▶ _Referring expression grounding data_

□ □ □

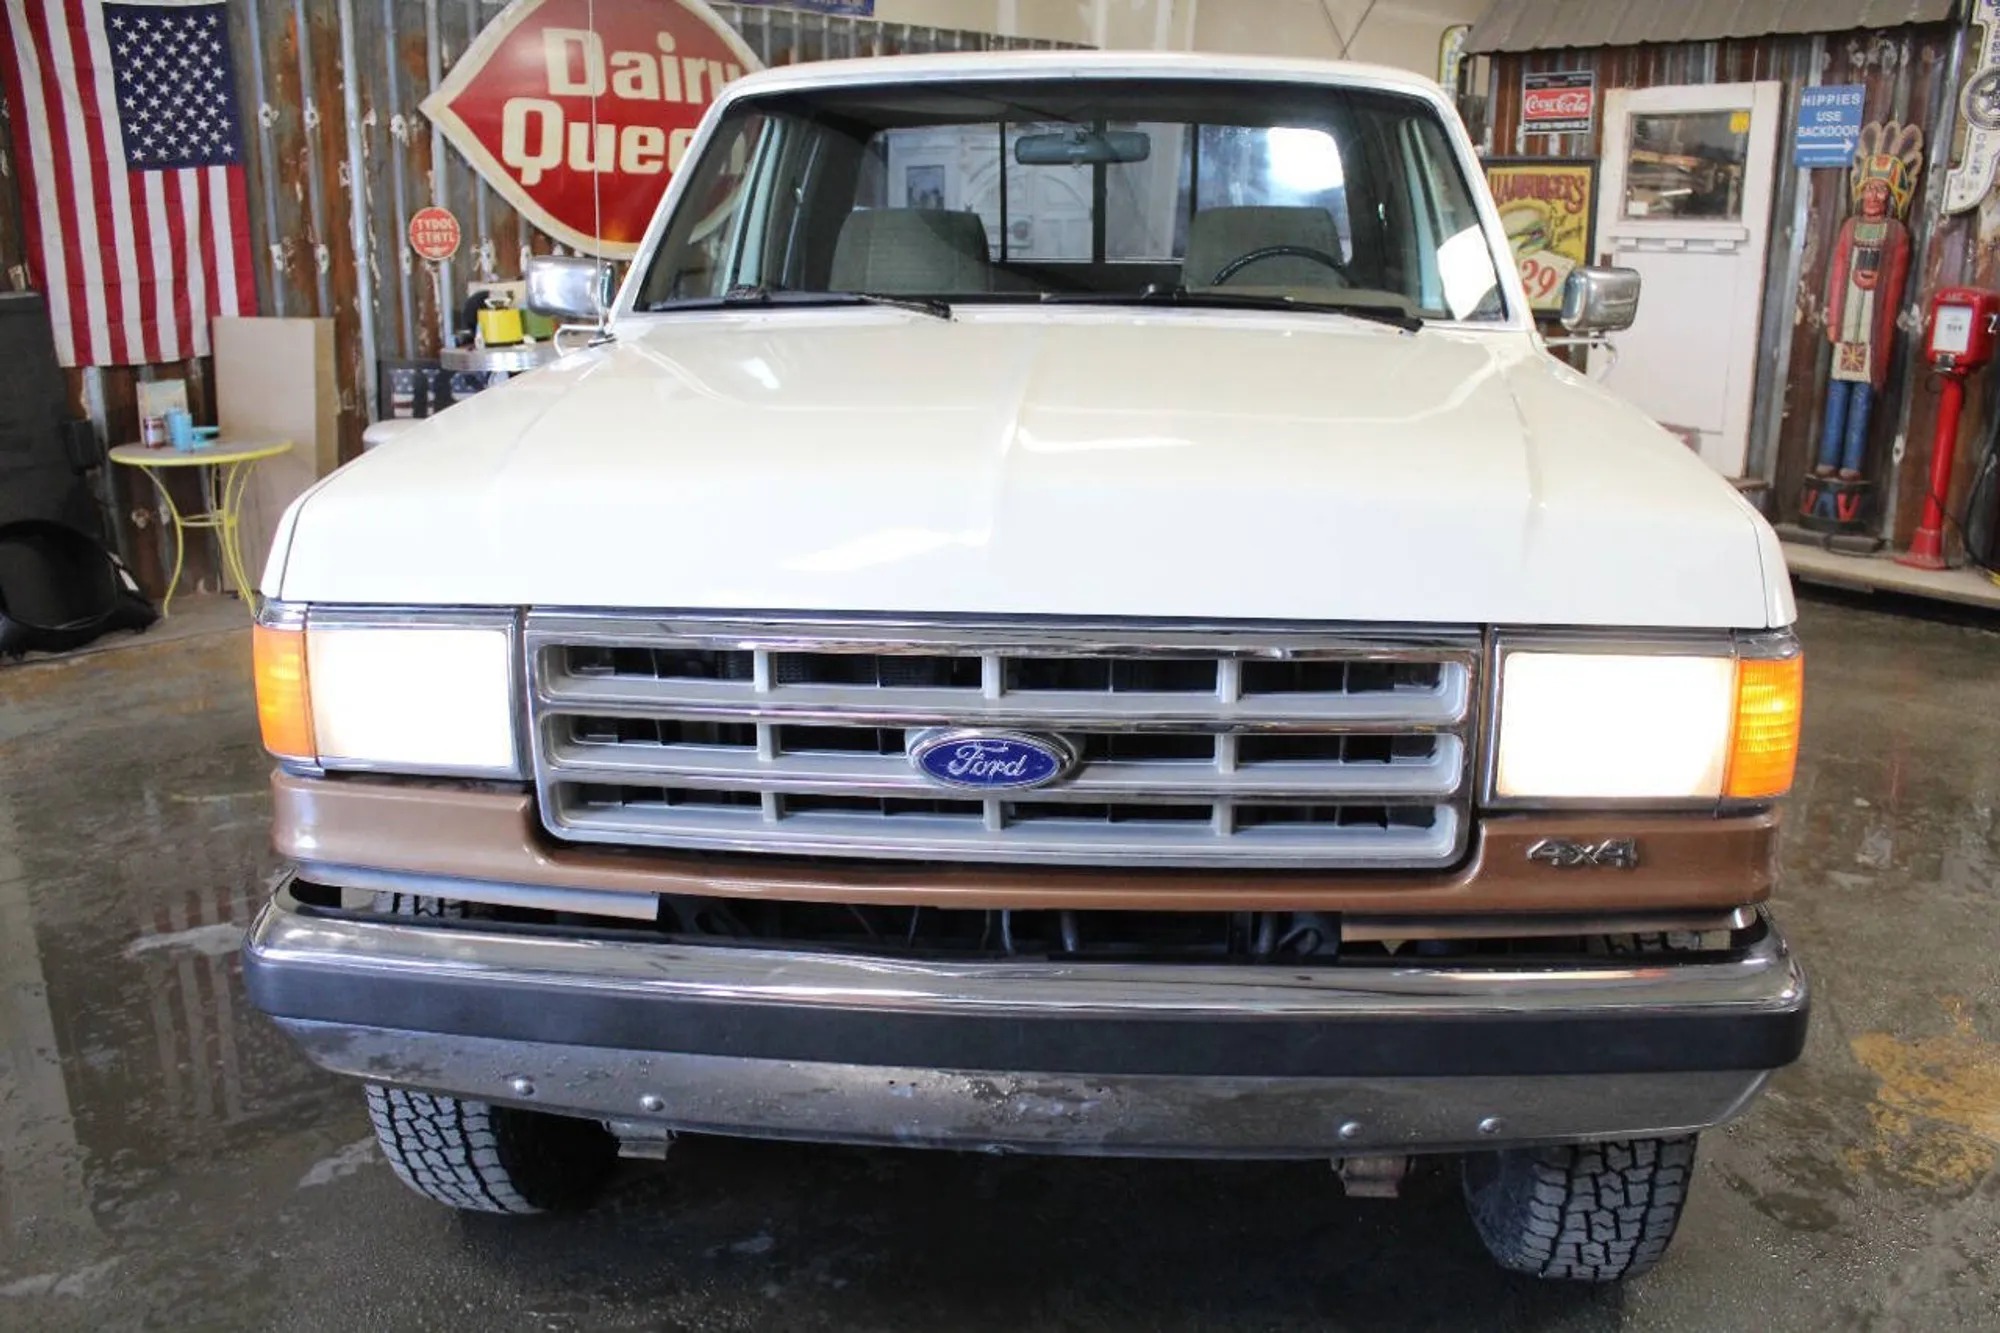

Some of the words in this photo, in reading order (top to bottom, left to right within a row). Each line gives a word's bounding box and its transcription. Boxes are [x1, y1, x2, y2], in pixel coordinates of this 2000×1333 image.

[1801, 93, 1860, 107] HIPPIES
[1816, 110, 1842, 122] USE
[1797, 124, 1860, 137] BACKDOOR
[947, 742, 1028, 782] Ford
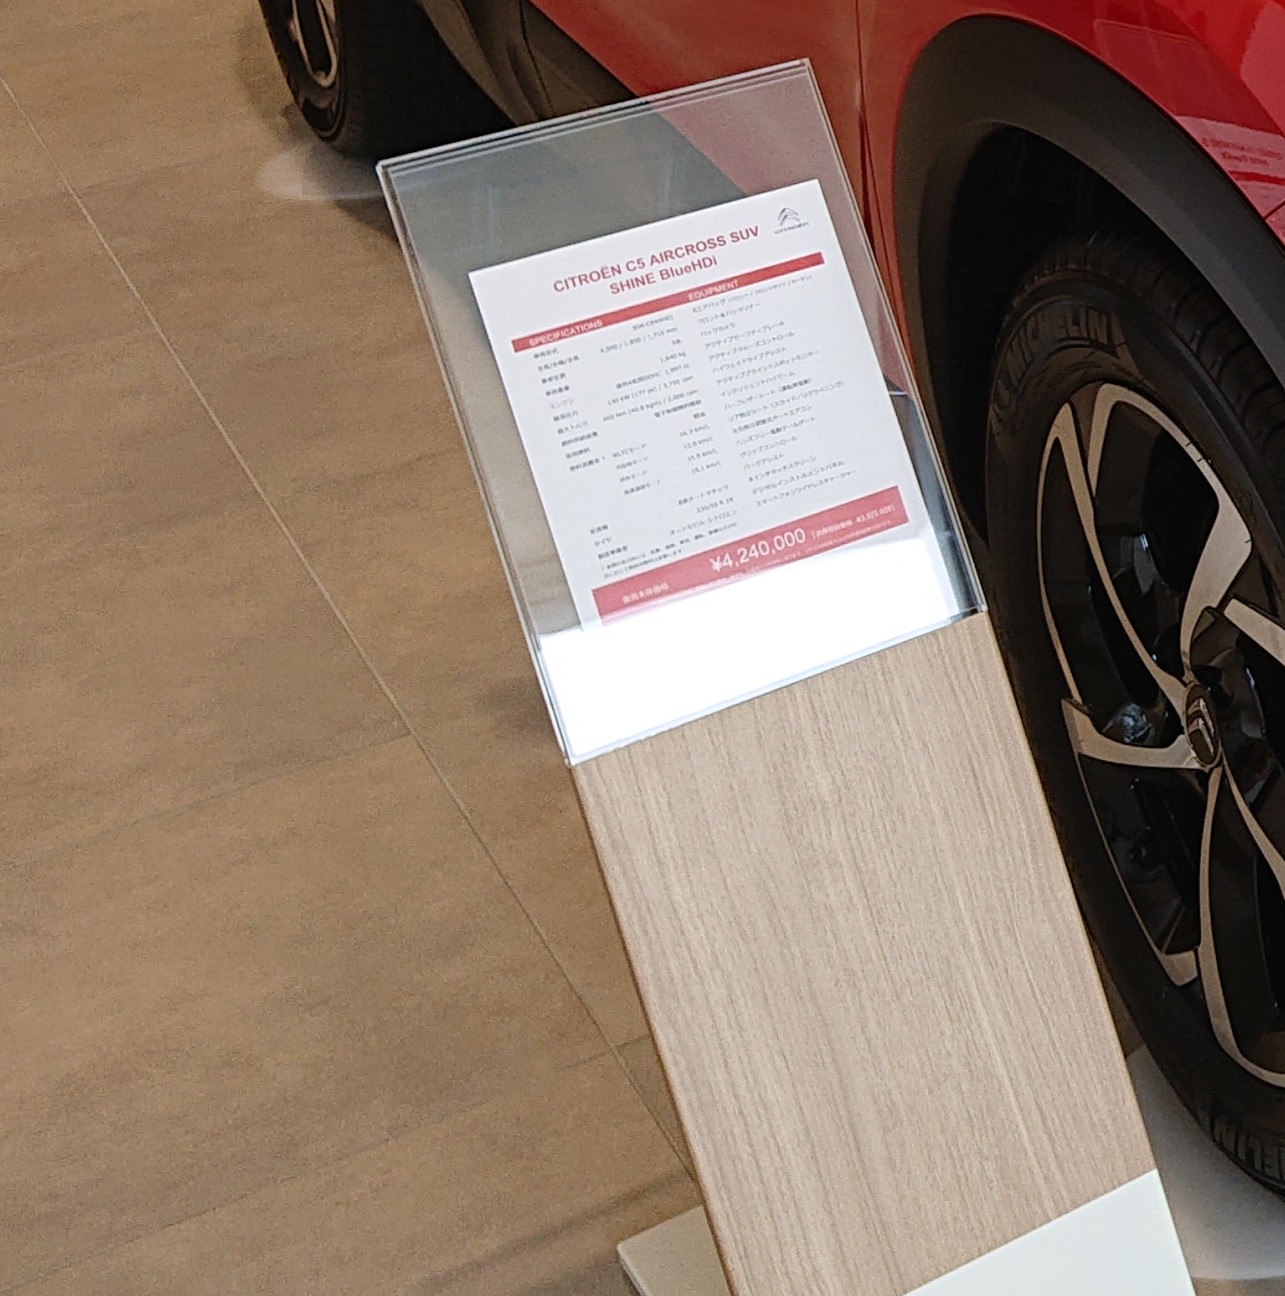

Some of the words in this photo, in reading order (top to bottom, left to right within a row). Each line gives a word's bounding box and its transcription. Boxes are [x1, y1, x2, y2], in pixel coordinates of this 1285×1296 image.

[551, 261, 622, 292] CITROËN
[624, 256, 646, 272] C5
[647, 234, 726, 266] AIRCROSS
[728, 225, 760, 243] SUV
[608, 271, 657, 295] SHINE
[658, 254, 718, 281] BlueHDi
[687, 279, 739, 301] EQUIPMENT
[527, 318, 604, 347] SPECIFICATIONS
[710, 528, 806, 572] ¥4,240,000
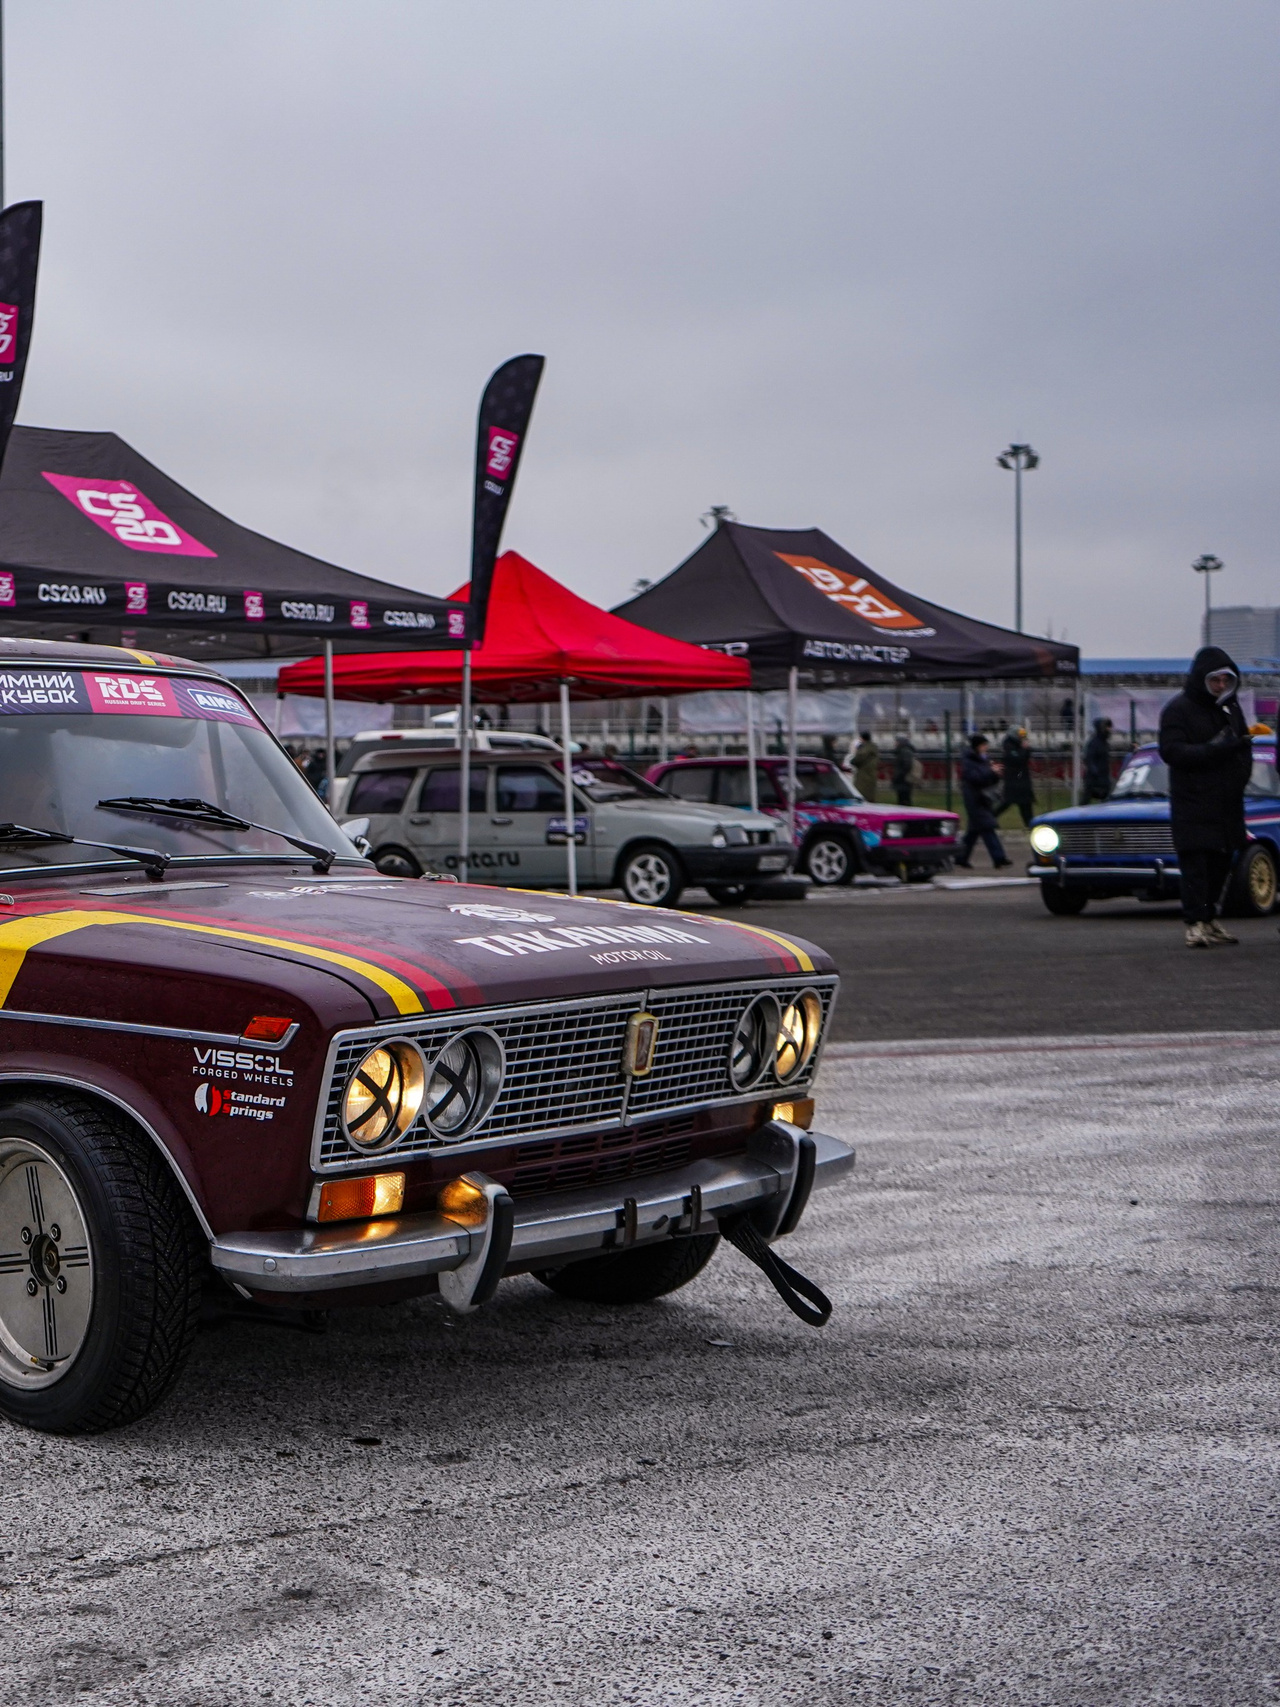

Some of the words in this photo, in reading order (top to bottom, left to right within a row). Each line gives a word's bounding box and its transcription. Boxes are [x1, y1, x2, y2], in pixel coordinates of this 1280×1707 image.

[38, 583, 107, 604] CS20.RU
[168, 591, 226, 613] CS20.RU
[281, 601, 334, 622] CS20.RU
[384, 610, 436, 629] CS20.RU
[2, 689, 78, 704] КУБОК
[94, 676, 164, 701] RDS
[453, 925, 710, 957] TAKAYAMA
[590, 950, 648, 966] MOTOR
[646, 949, 672, 961] OIL
[193, 1047, 294, 1075] VISSOL
[192, 1066, 238, 1080] FORGED
[243, 1072, 294, 1087] WHEELS
[223, 1089, 286, 1108] Standard
[222, 1103, 274, 1121] Springs

□ □ □

▶ _Problem_
With images left out, the data must be transcribed exactly.

▶ _Output_
Some of the words in this photo, in reading order (top to bottom, left to right within a row). Each line gives a word's bounding box and its transcription. Boxes are [x1, y1, x2, y2], in pixel coordinates of this 2000×1333 image.

[1801, 93, 1860, 107] HIPPIES
[1816, 110, 1842, 122] USE
[1797, 124, 1860, 137] BACKDOOR
[947, 742, 1028, 782] Ford

Some of the words in this photo, in reading order (top to bottom, left to right within a row). Each line gives a word's bounding box and its transcription. Boxes are [x1, y1, x2, y2], in pixel coordinates of this 1285×1296 image.

[551, 261, 622, 292] CITROËN
[624, 256, 646, 272] C5
[647, 234, 726, 266] AIRCROSS
[728, 225, 760, 243] SUV
[608, 271, 657, 295] SHINE
[658, 254, 718, 281] BlueHDi
[687, 279, 739, 301] EQUIPMENT
[527, 318, 604, 347] SPECIFICATIONS
[710, 528, 806, 572] ¥4,240,000

Some of the words in this photo, in reading order (top to bottom, left to right within a row). Each line gives a word's bounding box and its transcription. Boxes are [x1, y1, x2, y2], in pixel coordinates of this 1280×1707 image.

[38, 583, 107, 604] CS20.RU
[168, 591, 226, 613] CS20.RU
[281, 601, 334, 622] CS20.RU
[384, 610, 436, 629] CS20.RU
[2, 689, 78, 704] КУБОК
[94, 676, 164, 701] RDS
[453, 925, 710, 957] TAKAYAMA
[590, 950, 648, 966] MOTOR
[646, 949, 672, 961] OIL
[193, 1047, 294, 1075] VISSOL
[192, 1066, 238, 1080] FORGED
[243, 1072, 294, 1087] WHEELS
[223, 1089, 286, 1108] Standard
[222, 1103, 274, 1121] Springs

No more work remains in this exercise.